La cosa funciona de este modo; básicamente jugamos a una lotería cuando votamos a gente que, aparentemente, sabe, como poco, legislar y tomar decisiones ateniéndose a un procedimiento algo complicado. Bueno, en realidad, ni siquiera saben hacerlo bien y como aristocracia deja que desear. No sé cómo llamarlo y ya habrá pensado otro el concepto bastante mejor. Me refiero, obviamente, a que cada vez más gente debe votar confiando ciegamente, imagino que con miedo y reparos ante el riesgo cierto de haber votado lo contrario a lo deseado, en que saldrá algo bueno de los tejemanejes de los suyos. No sé cómo lo veréis. Pero yo creo que esto es una estocada a la democracia.
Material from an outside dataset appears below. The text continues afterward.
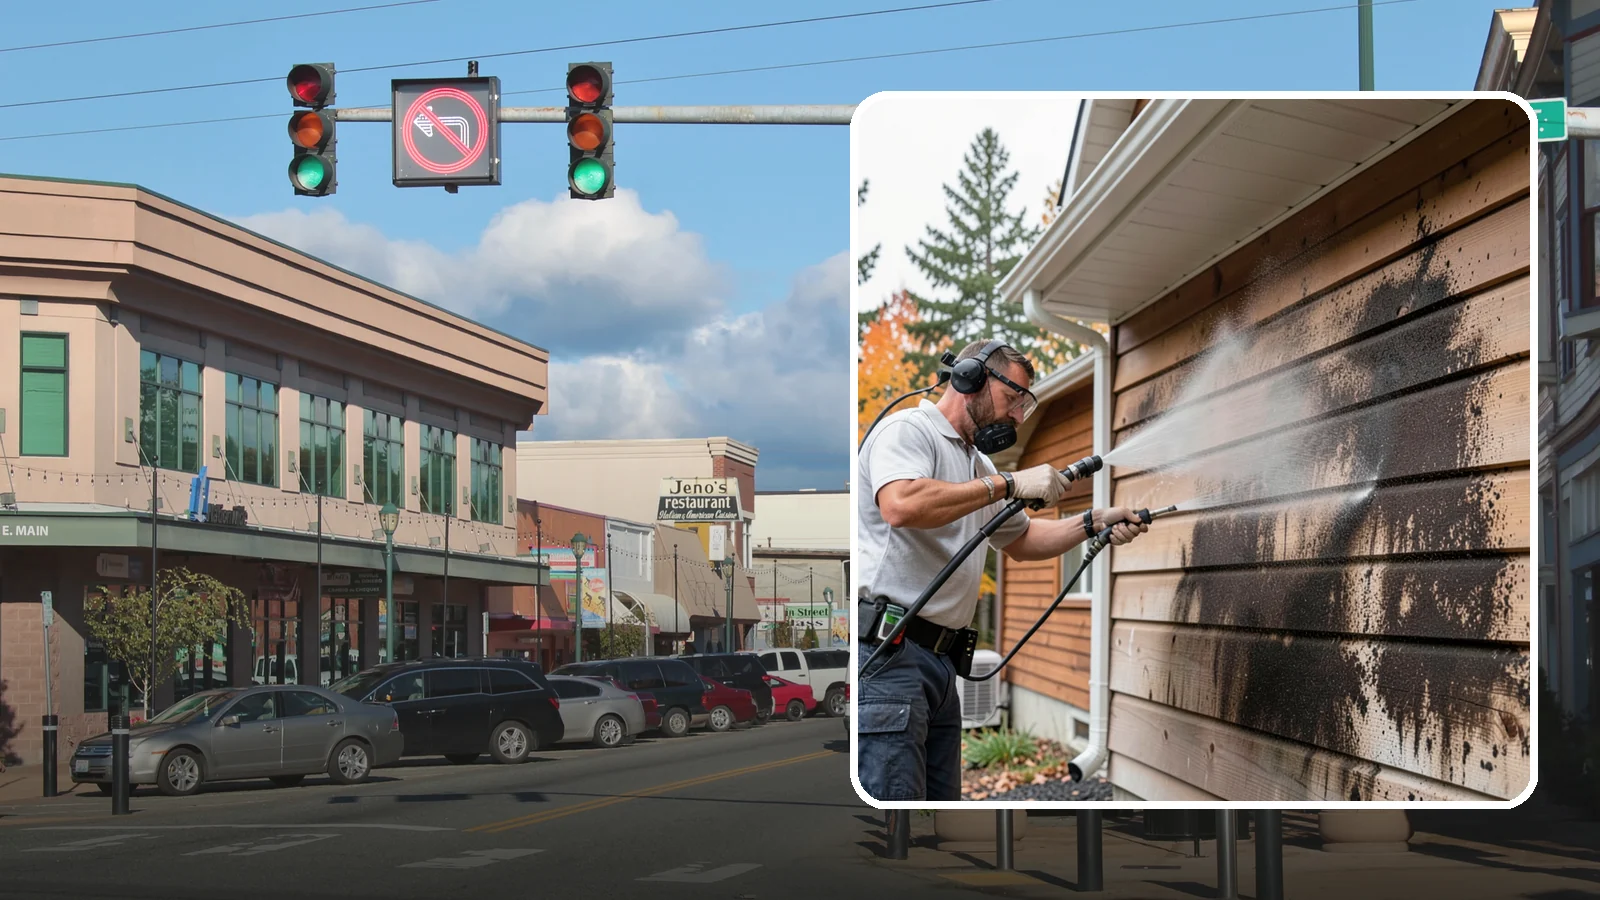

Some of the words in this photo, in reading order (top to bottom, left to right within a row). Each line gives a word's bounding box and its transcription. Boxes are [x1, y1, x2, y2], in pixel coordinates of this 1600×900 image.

Yo voté a Rivera pensando que mentía cuando decía que «con Sánchez, no», convencido de que finalmente haría lo razonable. Ahora no voté a Pedro porque no me fiaba: ya me la clavó hace cuatro años. Y ahora ya no sé ni lo que hará. ¿Qué compromiso se contrae así con los ciudadanos? ¿Cuál es la vara de medida y control? ¿Cuál es el umbral de inmoralidad -de desvío patológico respecto a su telos- que no deben cruzar los dirigentes de un partido? ¿Qué y cómo deben controlar los medios?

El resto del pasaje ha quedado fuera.